> [PROBLEM DESCRIPTION]
Take the line with "this 1500×1125 image." and every line after it in the data. Transcribe them exactly, through the last.

(Items from a dataset)
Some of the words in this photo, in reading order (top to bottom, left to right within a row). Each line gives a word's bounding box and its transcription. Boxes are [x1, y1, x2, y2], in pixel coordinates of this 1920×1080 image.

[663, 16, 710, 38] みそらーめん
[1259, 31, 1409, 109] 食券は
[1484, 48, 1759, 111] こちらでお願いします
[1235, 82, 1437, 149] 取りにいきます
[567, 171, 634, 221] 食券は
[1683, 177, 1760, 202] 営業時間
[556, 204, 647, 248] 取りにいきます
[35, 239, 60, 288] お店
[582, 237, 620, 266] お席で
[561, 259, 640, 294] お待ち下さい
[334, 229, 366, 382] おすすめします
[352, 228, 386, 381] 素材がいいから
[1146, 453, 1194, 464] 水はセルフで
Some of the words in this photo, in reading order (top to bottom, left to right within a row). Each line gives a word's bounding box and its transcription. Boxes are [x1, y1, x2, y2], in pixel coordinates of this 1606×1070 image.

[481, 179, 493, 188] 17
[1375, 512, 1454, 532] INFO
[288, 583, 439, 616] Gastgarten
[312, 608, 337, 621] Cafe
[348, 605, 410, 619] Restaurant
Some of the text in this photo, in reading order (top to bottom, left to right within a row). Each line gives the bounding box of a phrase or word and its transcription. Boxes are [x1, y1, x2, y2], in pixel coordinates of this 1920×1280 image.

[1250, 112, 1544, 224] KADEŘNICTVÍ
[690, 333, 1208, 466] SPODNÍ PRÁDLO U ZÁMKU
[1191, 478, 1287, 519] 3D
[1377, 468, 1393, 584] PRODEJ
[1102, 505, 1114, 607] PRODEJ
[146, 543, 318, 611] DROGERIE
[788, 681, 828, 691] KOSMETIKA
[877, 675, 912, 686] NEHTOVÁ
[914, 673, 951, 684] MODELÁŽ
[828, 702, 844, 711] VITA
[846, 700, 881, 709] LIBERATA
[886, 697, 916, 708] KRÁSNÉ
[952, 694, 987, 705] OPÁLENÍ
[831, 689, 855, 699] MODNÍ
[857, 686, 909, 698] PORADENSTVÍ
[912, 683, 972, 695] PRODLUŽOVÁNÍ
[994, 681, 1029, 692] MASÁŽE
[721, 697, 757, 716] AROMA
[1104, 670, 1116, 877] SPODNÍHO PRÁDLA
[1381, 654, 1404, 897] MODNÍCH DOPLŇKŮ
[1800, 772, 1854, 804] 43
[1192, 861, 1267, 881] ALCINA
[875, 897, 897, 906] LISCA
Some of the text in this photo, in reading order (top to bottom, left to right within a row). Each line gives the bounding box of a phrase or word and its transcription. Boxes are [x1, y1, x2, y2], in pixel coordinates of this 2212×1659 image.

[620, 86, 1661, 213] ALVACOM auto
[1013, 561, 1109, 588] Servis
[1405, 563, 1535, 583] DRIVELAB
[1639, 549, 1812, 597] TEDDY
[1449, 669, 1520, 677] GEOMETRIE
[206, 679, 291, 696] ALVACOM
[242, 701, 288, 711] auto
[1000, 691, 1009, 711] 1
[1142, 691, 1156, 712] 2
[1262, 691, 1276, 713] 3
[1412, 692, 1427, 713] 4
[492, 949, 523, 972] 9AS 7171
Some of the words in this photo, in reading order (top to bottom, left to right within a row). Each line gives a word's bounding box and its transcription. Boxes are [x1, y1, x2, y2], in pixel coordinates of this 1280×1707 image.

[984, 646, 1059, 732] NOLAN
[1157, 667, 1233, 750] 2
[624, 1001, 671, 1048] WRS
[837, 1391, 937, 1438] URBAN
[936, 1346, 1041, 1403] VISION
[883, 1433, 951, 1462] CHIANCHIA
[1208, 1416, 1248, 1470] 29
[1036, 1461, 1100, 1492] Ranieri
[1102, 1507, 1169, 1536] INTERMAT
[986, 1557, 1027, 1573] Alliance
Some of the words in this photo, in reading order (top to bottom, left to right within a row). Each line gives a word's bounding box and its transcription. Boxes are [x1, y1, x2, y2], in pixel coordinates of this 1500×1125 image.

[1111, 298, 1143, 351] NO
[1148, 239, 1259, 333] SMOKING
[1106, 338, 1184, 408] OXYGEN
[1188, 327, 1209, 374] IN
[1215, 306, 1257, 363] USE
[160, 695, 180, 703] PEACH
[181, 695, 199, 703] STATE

> [EXPECTED OUTPUT]
Some of the words in this photo, in reading order (top to bottom, left to right within a row). Each line gives a word's bounding box and its transcription. Boxes are [x1, y1, x2, y2], in pixel coordinates of this 1500×1125 image.

[1111, 298, 1143, 351] NO
[1148, 239, 1259, 333] SMOKING
[1106, 338, 1184, 408] OXYGEN
[1188, 327, 1209, 374] IN
[1215, 306, 1257, 363] USE
[160, 695, 180, 703] PEACH
[181, 695, 199, 703] STATE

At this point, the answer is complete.